START ENTRIES PROVIDED

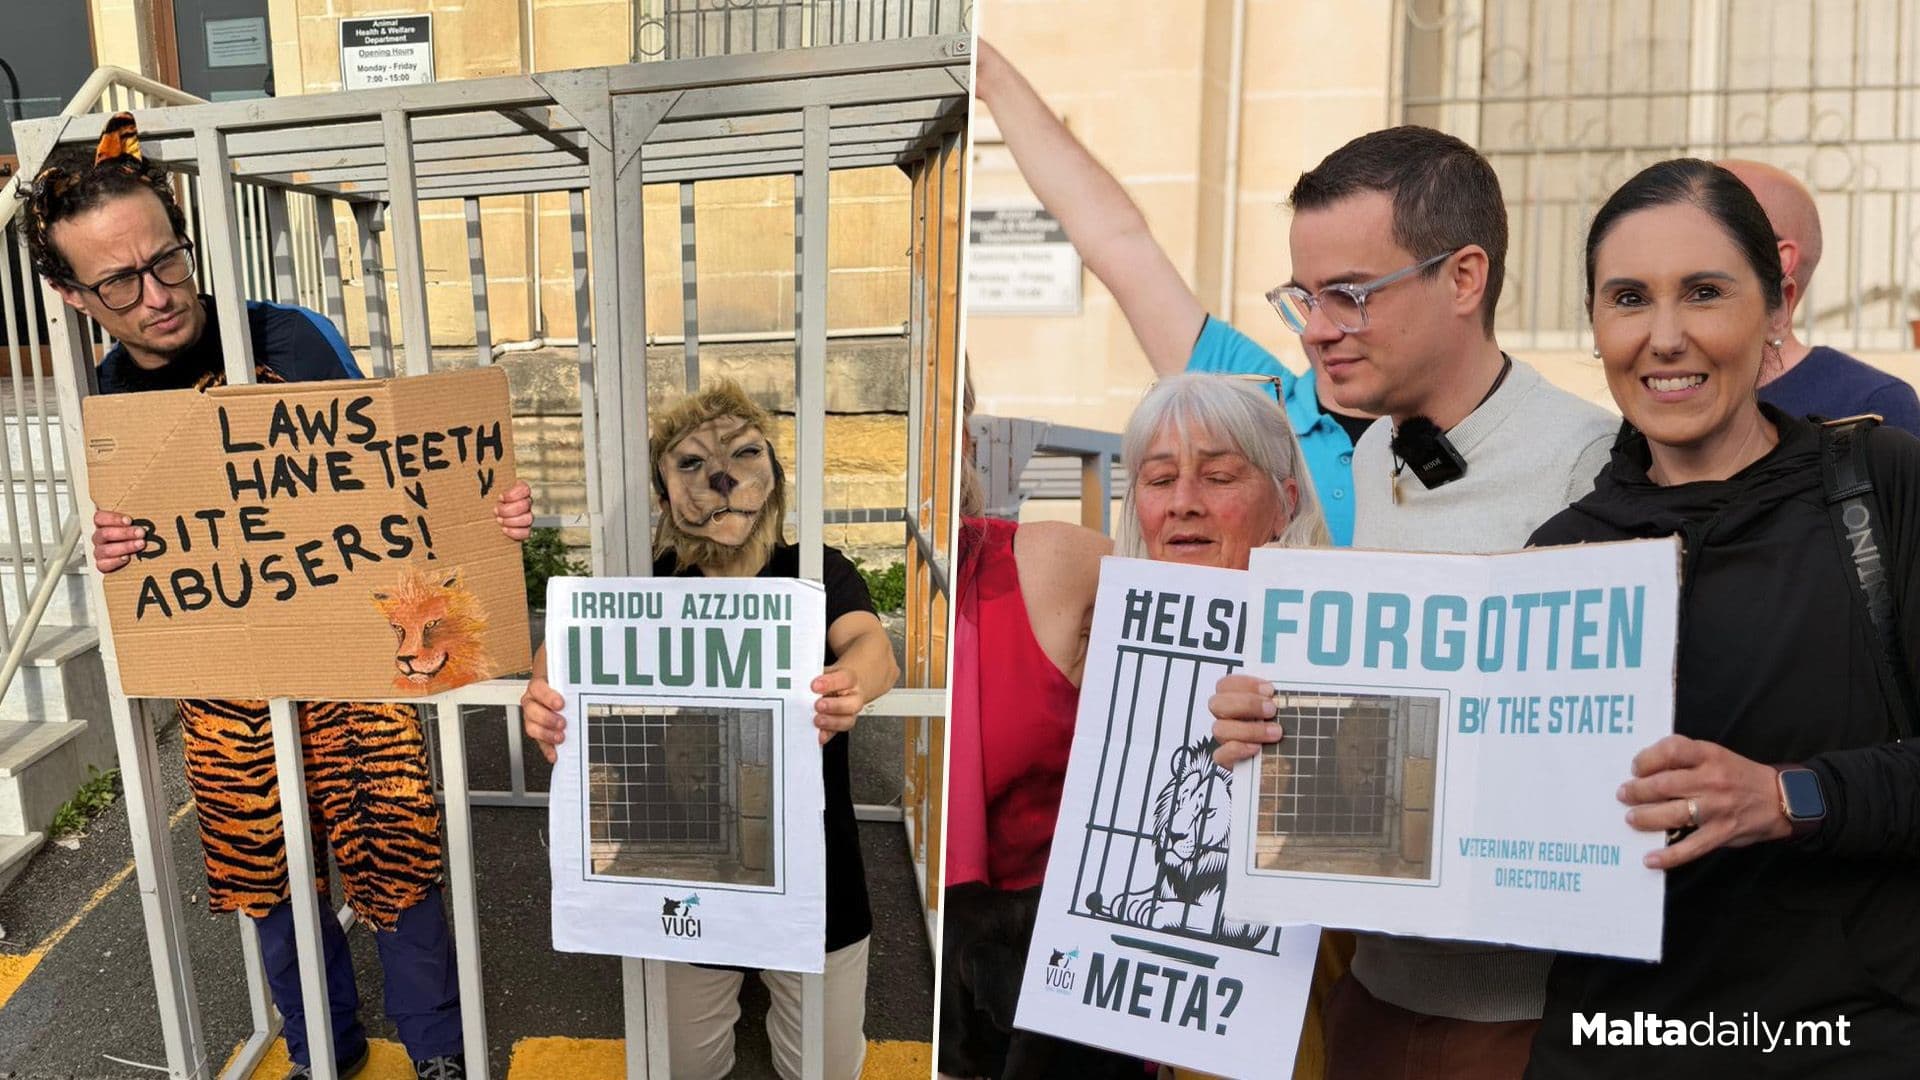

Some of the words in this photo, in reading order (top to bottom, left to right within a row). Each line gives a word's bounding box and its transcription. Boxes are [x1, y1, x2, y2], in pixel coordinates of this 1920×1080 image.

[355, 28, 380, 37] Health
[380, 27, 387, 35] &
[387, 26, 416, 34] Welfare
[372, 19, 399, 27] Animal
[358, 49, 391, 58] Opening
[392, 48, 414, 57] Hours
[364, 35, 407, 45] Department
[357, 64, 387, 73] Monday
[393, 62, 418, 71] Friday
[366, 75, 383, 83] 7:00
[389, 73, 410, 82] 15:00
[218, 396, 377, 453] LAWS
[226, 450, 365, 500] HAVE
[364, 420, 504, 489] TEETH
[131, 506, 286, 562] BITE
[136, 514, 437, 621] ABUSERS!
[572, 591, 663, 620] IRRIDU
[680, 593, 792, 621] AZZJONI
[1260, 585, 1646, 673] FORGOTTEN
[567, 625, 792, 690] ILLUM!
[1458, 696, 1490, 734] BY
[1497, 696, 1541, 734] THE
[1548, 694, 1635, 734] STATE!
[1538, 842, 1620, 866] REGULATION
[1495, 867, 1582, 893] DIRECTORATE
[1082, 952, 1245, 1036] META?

END ENTRIES PROVIDED

#### EXERCISE REQUIREMENTS
Any images must be left out; transcribe the rest of the material exactly.

#### WRITTEN RESPONSE
Some of the words in this photo, in reading order (top to bottom, left to right within a row). Each line gives a word's bounding box and its transcription. Boxes are [x1, y1, x2, y2], in pixel coordinates of this 1920×1080 image.

[355, 28, 380, 37] Health
[380, 27, 387, 35] &
[387, 26, 416, 34] Welfare
[372, 19, 399, 27] Animal
[358, 49, 391, 58] Opening
[392, 48, 414, 57] Hours
[364, 35, 407, 45] Department
[357, 64, 387, 73] Monday
[393, 62, 418, 71] Friday
[366, 75, 383, 83] 7:00
[389, 73, 410, 82] 15:00
[218, 396, 377, 453] LAWS
[226, 450, 365, 500] HAVE
[364, 420, 504, 489] TEETH
[131, 506, 286, 562] BITE
[136, 514, 437, 621] ABUSERS!
[572, 591, 663, 620] IRRIDU
[680, 593, 792, 621] AZZJONI
[1260, 585, 1646, 673] FORGOTTEN
[567, 625, 792, 690] ILLUM!
[1458, 696, 1490, 734] BY
[1497, 696, 1541, 734] THE
[1548, 694, 1635, 734] STATE!
[1538, 842, 1620, 866] REGULATION
[1495, 867, 1582, 893] DIRECTORATE
[1082, 952, 1245, 1036] META?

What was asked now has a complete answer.